What the exercise asks: Copy every entry verbatim and skip the pictures.

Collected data
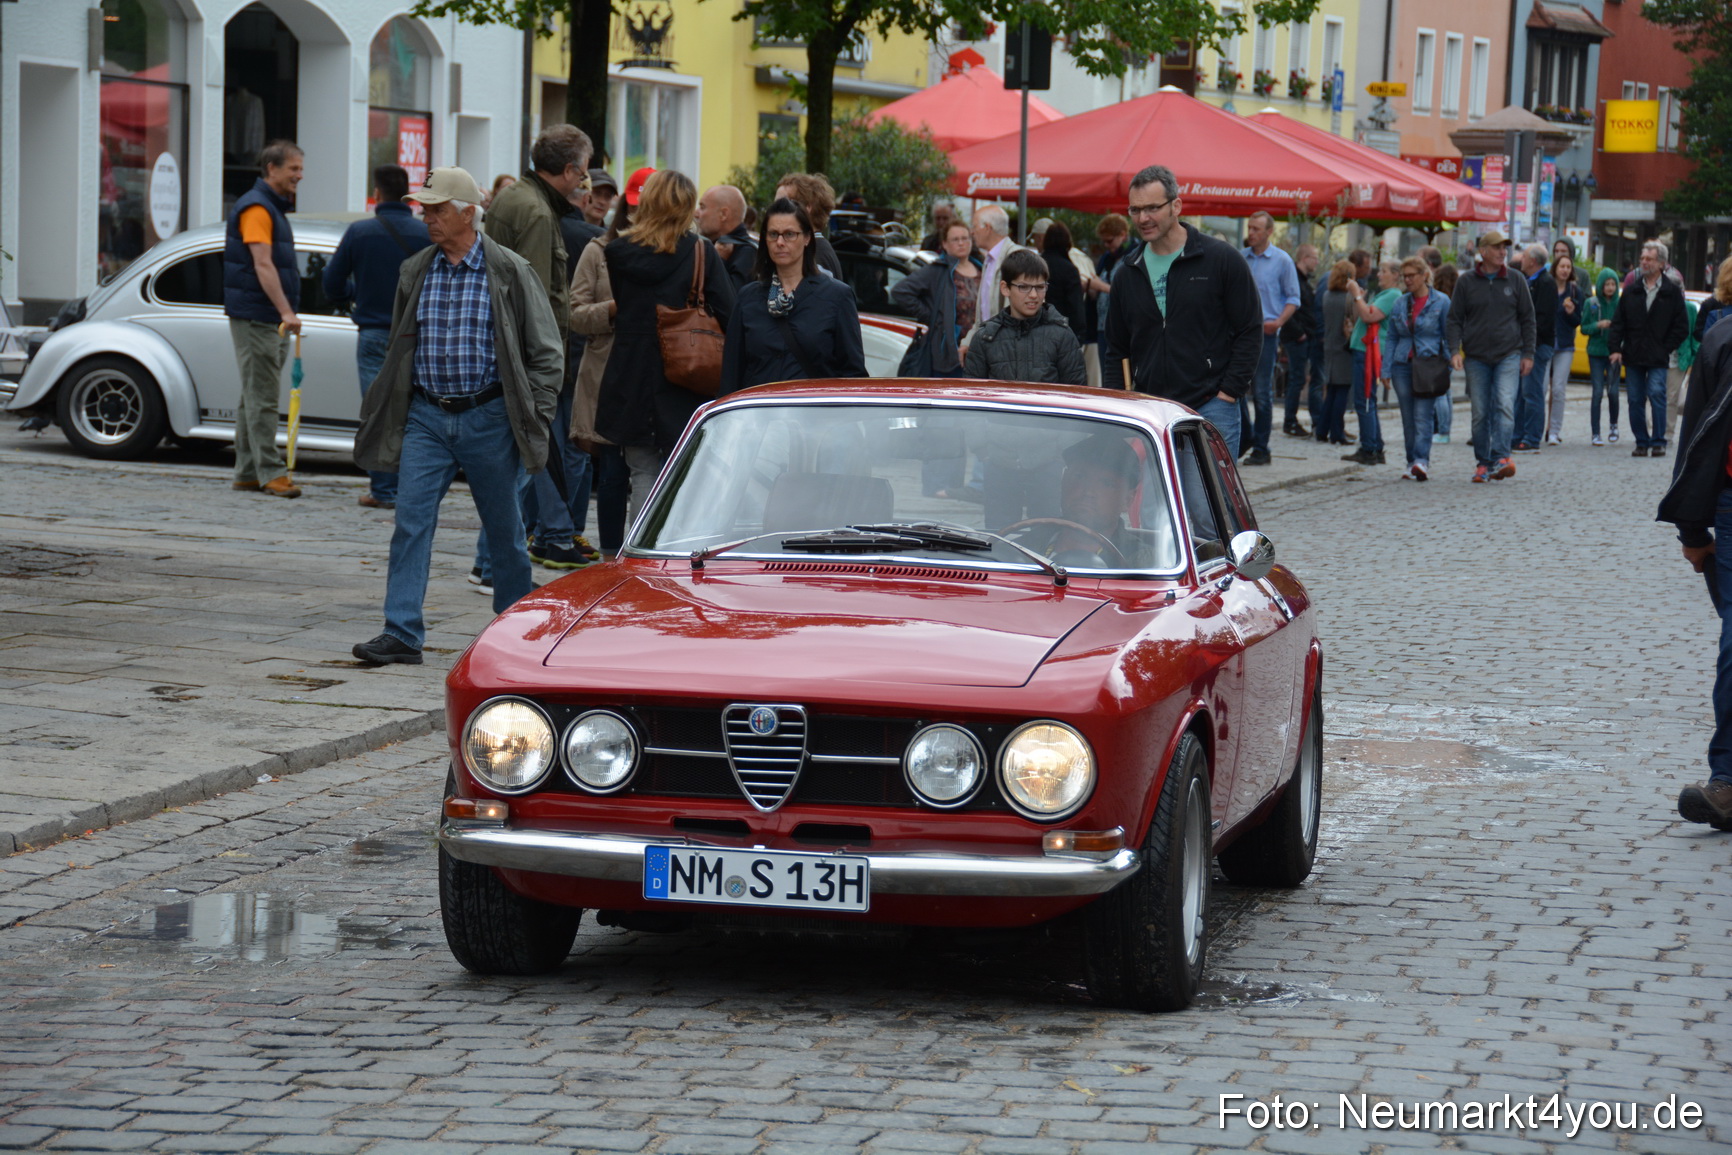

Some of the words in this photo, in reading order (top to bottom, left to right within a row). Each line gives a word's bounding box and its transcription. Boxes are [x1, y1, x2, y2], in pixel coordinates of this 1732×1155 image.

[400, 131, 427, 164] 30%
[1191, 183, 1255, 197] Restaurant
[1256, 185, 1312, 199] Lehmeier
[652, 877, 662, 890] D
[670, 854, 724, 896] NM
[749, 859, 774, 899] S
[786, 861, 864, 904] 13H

Task answer:
Some of the words in this photo, in reading order (top to bottom, left to right within a row). Each line gives a word's bounding box and its transcription. Boxes are [x1, y1, x2, y2], in pixel coordinates of this 1732×1155 image.

[400, 131, 427, 164] 30%
[1191, 183, 1255, 197] Restaurant
[1256, 185, 1312, 199] Lehmeier
[652, 877, 662, 890] D
[670, 854, 724, 896] NM
[749, 859, 774, 899] S
[786, 861, 864, 904] 13H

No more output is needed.